== Instructions for the task ==
Repeat exactly, and only, the lines below starting at the line that contains "this 1280×1071 image." and ending at the line that contains "this 1600×1200 image.", inclusive of both.

== Provided data ==
====

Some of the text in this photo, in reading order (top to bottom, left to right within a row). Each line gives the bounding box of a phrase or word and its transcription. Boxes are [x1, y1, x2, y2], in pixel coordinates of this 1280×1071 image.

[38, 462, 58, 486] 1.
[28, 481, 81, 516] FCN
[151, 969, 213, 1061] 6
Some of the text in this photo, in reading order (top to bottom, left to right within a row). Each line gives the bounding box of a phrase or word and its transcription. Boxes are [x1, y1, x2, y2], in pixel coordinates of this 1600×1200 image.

====

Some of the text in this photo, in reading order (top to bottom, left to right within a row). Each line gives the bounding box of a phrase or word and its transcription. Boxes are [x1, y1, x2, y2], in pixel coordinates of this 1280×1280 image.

====

== Written answer ==
Some of the text in this photo, in reading order (top to bottom, left to right within a row). Each line gives the bounding box of a phrase or word and its transcription. Boxes are [x1, y1, x2, y2], in pixel coordinates of this 1280×1071 image.

[38, 462, 58, 486] 1.
[28, 481, 81, 516] FCN
[151, 969, 213, 1061] 6
Some of the text in this photo, in reading order (top to bottom, left to right within a row). Each line gives the bounding box of a phrase or word and its transcription. Boxes are [x1, y1, x2, y2], in pixel coordinates of this 1600×1200 image.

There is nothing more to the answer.